The chuckle bounced off the cell walls. “Shit yourself, did you? You fucking moron.” Noh pulled the keys from his pocket, shook them, and jingled them against the bars.

Noh’s brows touched above his nose, and he motioned with his head. It was not a nod and carried no respect. Instead, it was a direction for his aides.

The two soldiers took up positions behind him, mirror images of propaganda posters, mean as hell. They could smile after eating horse shit, maybe even the food here.
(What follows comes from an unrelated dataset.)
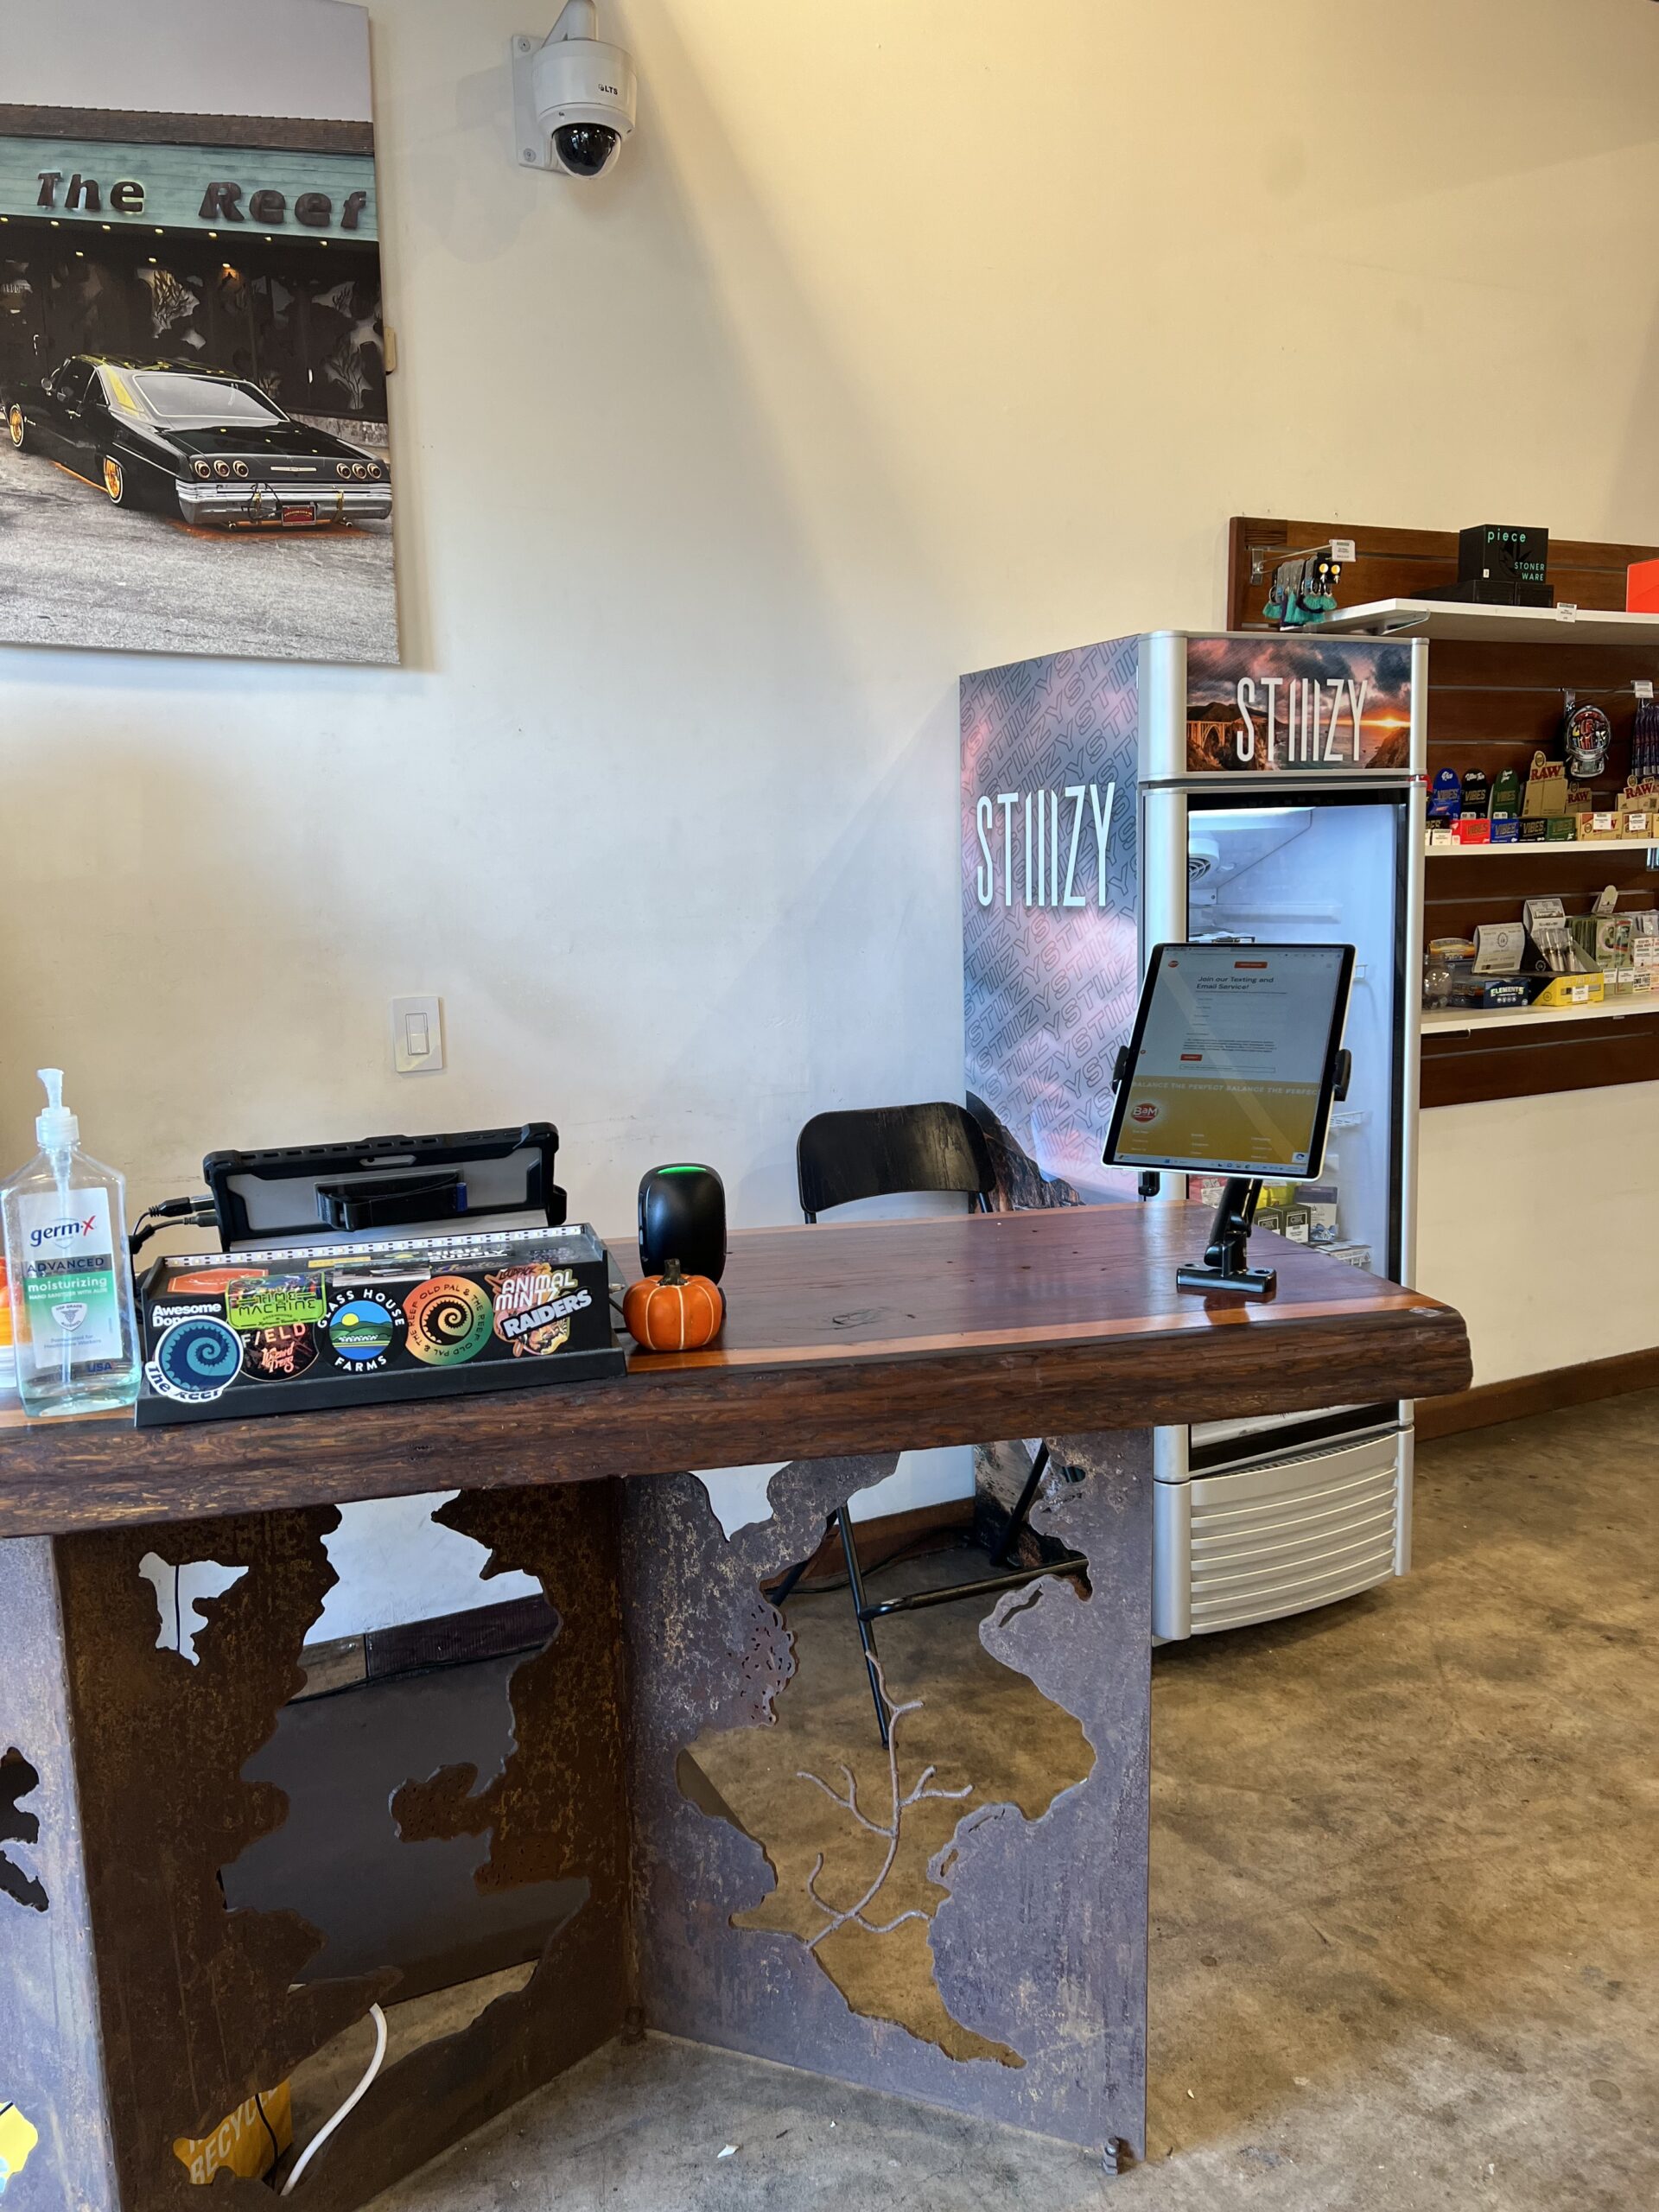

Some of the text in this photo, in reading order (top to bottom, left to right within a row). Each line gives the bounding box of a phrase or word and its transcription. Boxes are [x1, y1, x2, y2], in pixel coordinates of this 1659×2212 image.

No, Hahn shook his head, and his mouth formed a crooked smile — horse shit, perhaps pig puke, not this food.

“You are laughing now, Hahn?” Noh unlocked the door and stepped back as it screeched open.

The two soldiers watched Hahn as if he were a chicken and they were about to twist the head from its neck.

Their boots sounded in unison as they stepped forward.

Defiance formed on Hahn’s face, but his eyes betrayed him, and more feces dribbled.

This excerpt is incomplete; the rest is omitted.